Le 22 mars, face à la multiplication des violences de ses agents, nous vous avions adressé une demande de démantèlement de la Brav-M. Nous n'avons reçu aucune réponse de votre part. Vous les couvrez toujours.

Face à la mobilisation sociale historique contre la réforme des retraites, vous avez décidé de gouverner par la peur et l'intimidation : arrestations arbitraires et préventives, nasses qui ne ménagent aucun point de sortie, contrairement à ce que prévoit le schéma national du maintien de l'ordre, utilisation d'armes de guerre qui mutilent, vous ne reculez devant aucune violence pour tenter d'étouffer la colère populaire.

La répression atteint désormais son point culminant – doctrine de maintien de l'ordre qui s'est malheureusement parachevée ces dernières années dans les banlieues, premier laboratoire des violences policières. Leaders syndicaux, commissaire aux droits de l'homme du Conseil de l'Europe, magistrats, avocats, associations, ONG, tous vous demandent de cesser l'usage excessif de la violence, de stopper l'instrumentalisation de la procédure pénale et de respecter le droit de manifester.

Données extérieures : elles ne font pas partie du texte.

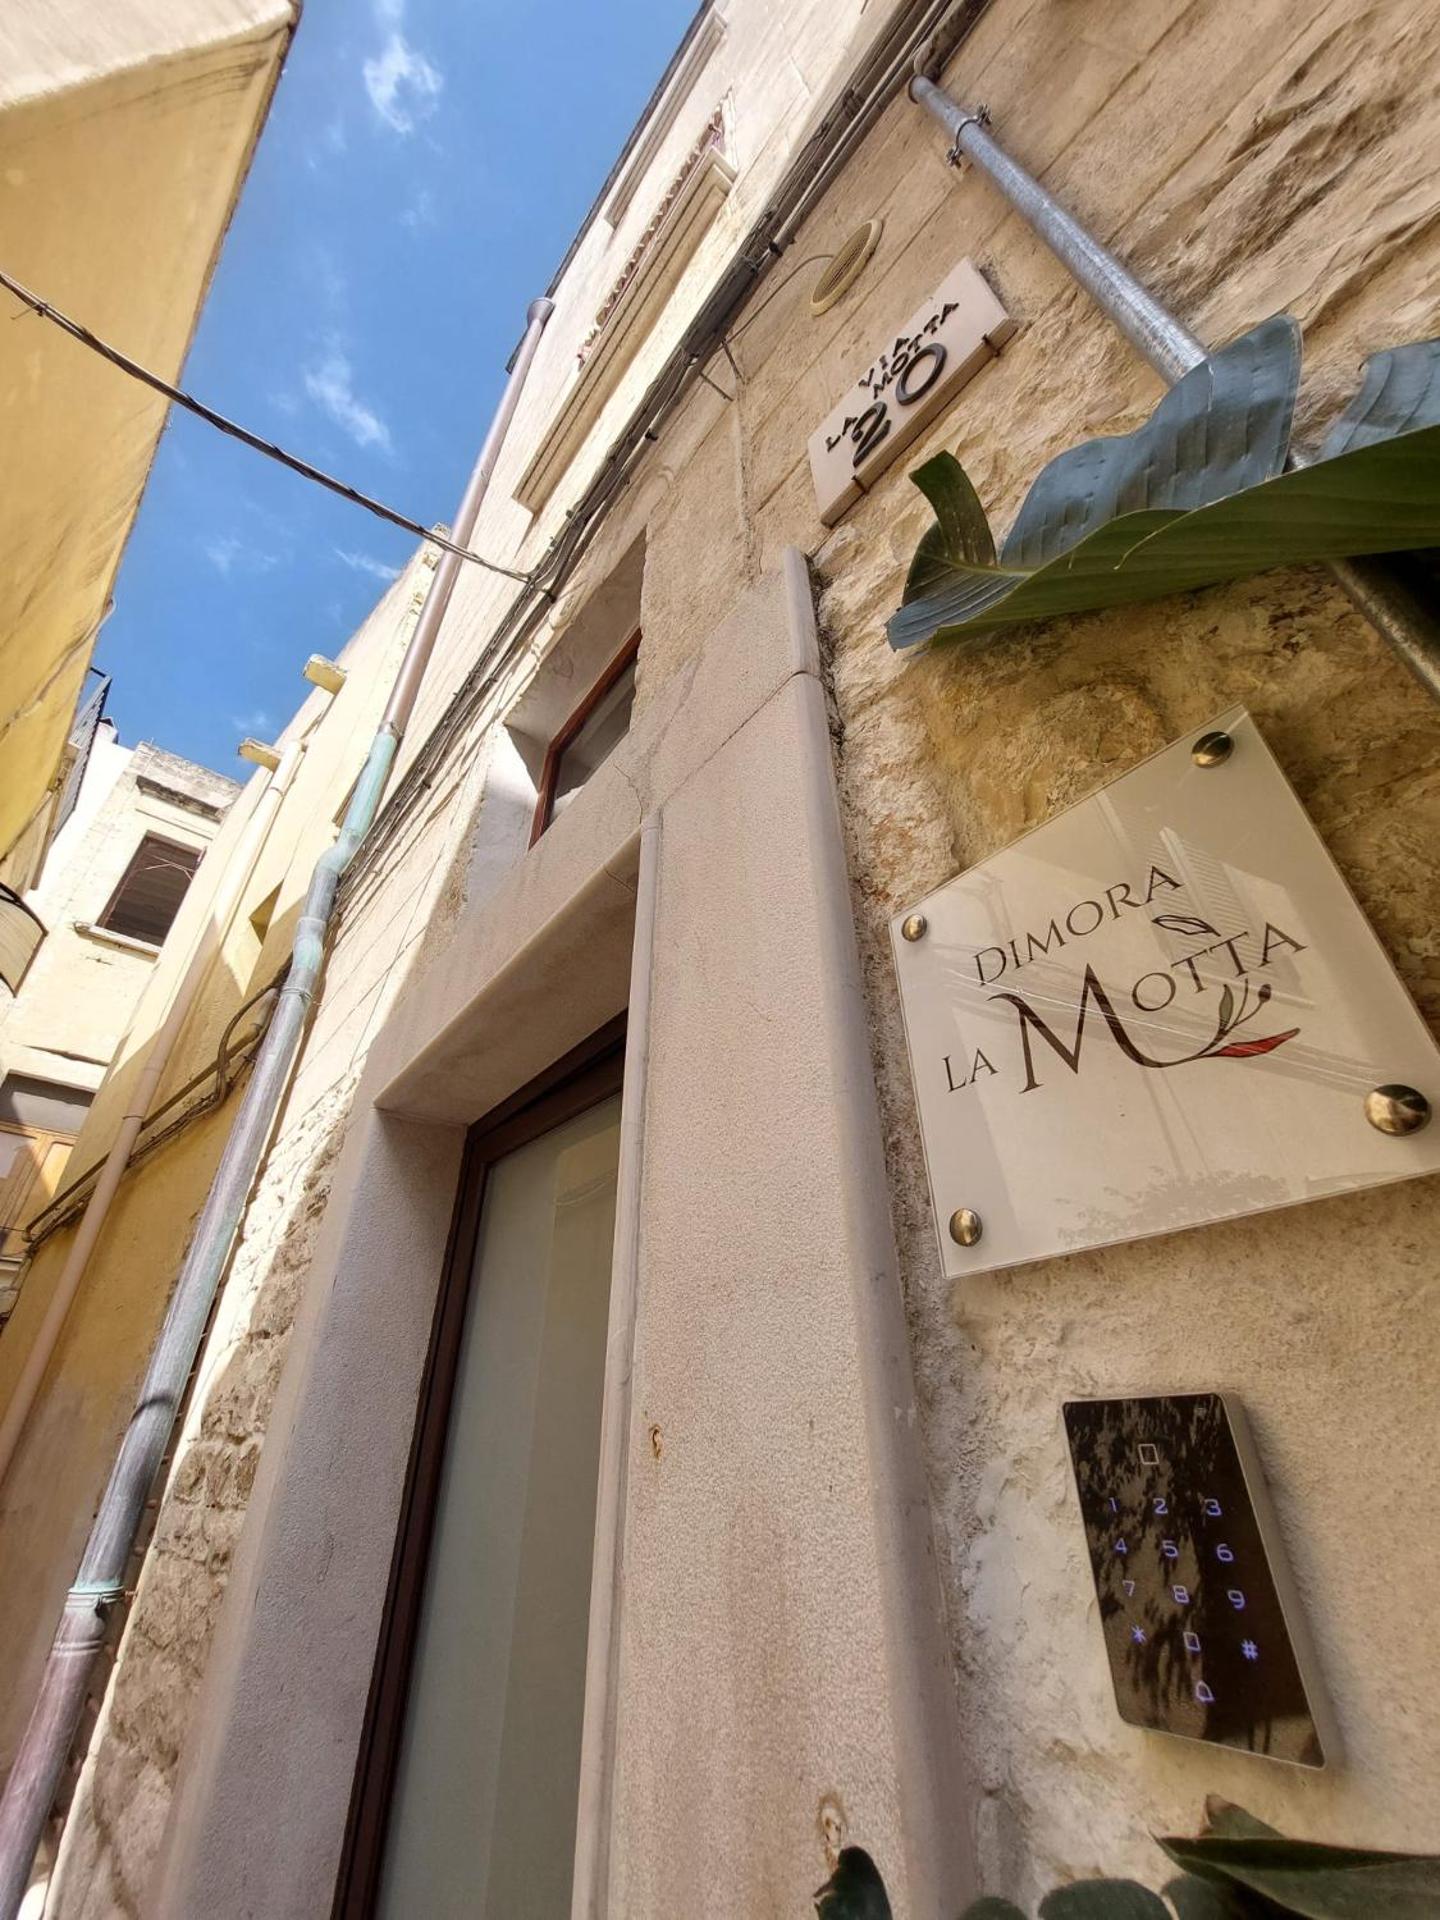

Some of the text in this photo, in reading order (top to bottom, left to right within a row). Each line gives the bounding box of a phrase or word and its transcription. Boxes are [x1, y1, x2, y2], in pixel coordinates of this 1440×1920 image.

Devenue sombrement célèbre dans les affaires de violences policières, la Brav-M sème la terreur chaque soir dans les rues de Paris. Plusieurs pétitions réclament sa dissolution. Celle déposée sur la plateforme de l'Assemblée nationale a recueilli 260 000 signatures, pour dissoudre une unité dont les policiers se comportent comme des miliciens.

Monsieur le ministre, allez-vous respecter le droit de manifester et démanteler la Brav-M ? Ou continuerez-vous de nasser l'expression populaire, assumant d'être le ministre de la matraque ? Faudra-t-il un nouveau Malik Oussekine pour vous faire enfin revenir à la raison ?

(Exclamations.)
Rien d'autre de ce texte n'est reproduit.